MATERIAL PROVIDED Start Marker

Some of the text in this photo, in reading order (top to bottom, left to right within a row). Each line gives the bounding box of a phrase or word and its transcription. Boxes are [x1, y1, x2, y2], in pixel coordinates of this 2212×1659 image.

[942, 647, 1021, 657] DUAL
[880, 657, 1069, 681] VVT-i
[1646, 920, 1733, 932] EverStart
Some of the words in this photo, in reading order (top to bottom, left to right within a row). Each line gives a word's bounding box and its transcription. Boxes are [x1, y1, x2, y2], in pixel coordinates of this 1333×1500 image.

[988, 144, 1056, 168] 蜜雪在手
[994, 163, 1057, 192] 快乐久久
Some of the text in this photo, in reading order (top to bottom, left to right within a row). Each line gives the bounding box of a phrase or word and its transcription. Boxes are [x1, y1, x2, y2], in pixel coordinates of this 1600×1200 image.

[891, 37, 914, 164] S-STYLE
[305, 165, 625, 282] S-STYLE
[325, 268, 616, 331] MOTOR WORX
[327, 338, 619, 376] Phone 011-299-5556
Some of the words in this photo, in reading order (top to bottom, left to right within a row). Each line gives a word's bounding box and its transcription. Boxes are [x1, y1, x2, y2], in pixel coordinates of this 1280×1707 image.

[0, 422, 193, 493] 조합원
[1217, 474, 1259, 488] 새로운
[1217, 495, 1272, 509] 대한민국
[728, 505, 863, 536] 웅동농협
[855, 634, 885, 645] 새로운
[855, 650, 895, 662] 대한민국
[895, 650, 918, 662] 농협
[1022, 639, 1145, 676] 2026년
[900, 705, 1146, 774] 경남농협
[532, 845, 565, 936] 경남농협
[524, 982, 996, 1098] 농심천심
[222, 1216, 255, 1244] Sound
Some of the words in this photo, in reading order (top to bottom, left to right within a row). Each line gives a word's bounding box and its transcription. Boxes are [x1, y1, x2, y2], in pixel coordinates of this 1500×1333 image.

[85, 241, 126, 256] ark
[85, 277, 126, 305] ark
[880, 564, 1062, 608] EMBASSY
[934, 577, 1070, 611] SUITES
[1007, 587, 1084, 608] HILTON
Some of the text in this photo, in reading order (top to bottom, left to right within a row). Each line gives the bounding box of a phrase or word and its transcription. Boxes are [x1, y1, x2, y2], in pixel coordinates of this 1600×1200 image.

MATERIAL PROVIDED End Marker

## WORK TASK
Write the whole listing out again, exactly as it appears above.

## ANSWER BOX
Some of the text in this photo, in reading order (top to bottom, left to right within a row). Each line gives the bounding box of a phrase or word and its transcription. Boxes are [x1, y1, x2, y2], in pixel coordinates of this 2212×1659 image.

[942, 647, 1021, 657] DUAL
[880, 657, 1069, 681] VVT-i
[1646, 920, 1733, 932] EverStart
Some of the words in this photo, in reading order (top to bottom, left to right within a row). Each line gives a word's bounding box and its transcription. Boxes are [x1, y1, x2, y2], in pixel coordinates of this 1333×1500 image.

[988, 144, 1056, 168] 蜜雪在手
[994, 163, 1057, 192] 快乐久久
Some of the text in this photo, in reading order (top to bottom, left to right within a row). Each line gives the bounding box of a phrase or word and its transcription. Boxes are [x1, y1, x2, y2], in pixel coordinates of this 1600×1200 image.

[891, 37, 914, 164] S-STYLE
[305, 165, 625, 282] S-STYLE
[325, 268, 616, 331] MOTOR WORX
[327, 338, 619, 376] Phone 011-299-5556
Some of the words in this photo, in reading order (top to bottom, left to right within a row). Each line gives a word's bounding box and its transcription. Boxes are [x1, y1, x2, y2], in pixel coordinates of this 1280×1707 image.

[0, 422, 193, 493] 조합원
[1217, 474, 1259, 488] 새로운
[1217, 495, 1272, 509] 대한민국
[728, 505, 863, 536] 웅동농협
[855, 634, 885, 645] 새로운
[855, 650, 895, 662] 대한민국
[895, 650, 918, 662] 농협
[1022, 639, 1145, 676] 2026년
[900, 705, 1146, 774] 경남농협
[532, 845, 565, 936] 경남농협
[524, 982, 996, 1098] 농심천심
[222, 1216, 255, 1244] Sound
Some of the words in this photo, in reading order (top to bottom, left to right within a row). Each line gives a word's bounding box and its transcription. Boxes are [x1, y1, x2, y2], in pixel coordinates of this 1500×1333 image.

[85, 241, 126, 256] ark
[85, 277, 126, 305] ark
[880, 564, 1062, 608] EMBASSY
[934, 577, 1070, 611] SUITES
[1007, 587, 1084, 608] HILTON
Some of the text in this photo, in reading order (top to bottom, left to right within a row). Each line gives the bounding box of a phrase or word and its transcription. Boxes are [x1, y1, x2, y2], in pixel coordinates of this 1600×1200 image.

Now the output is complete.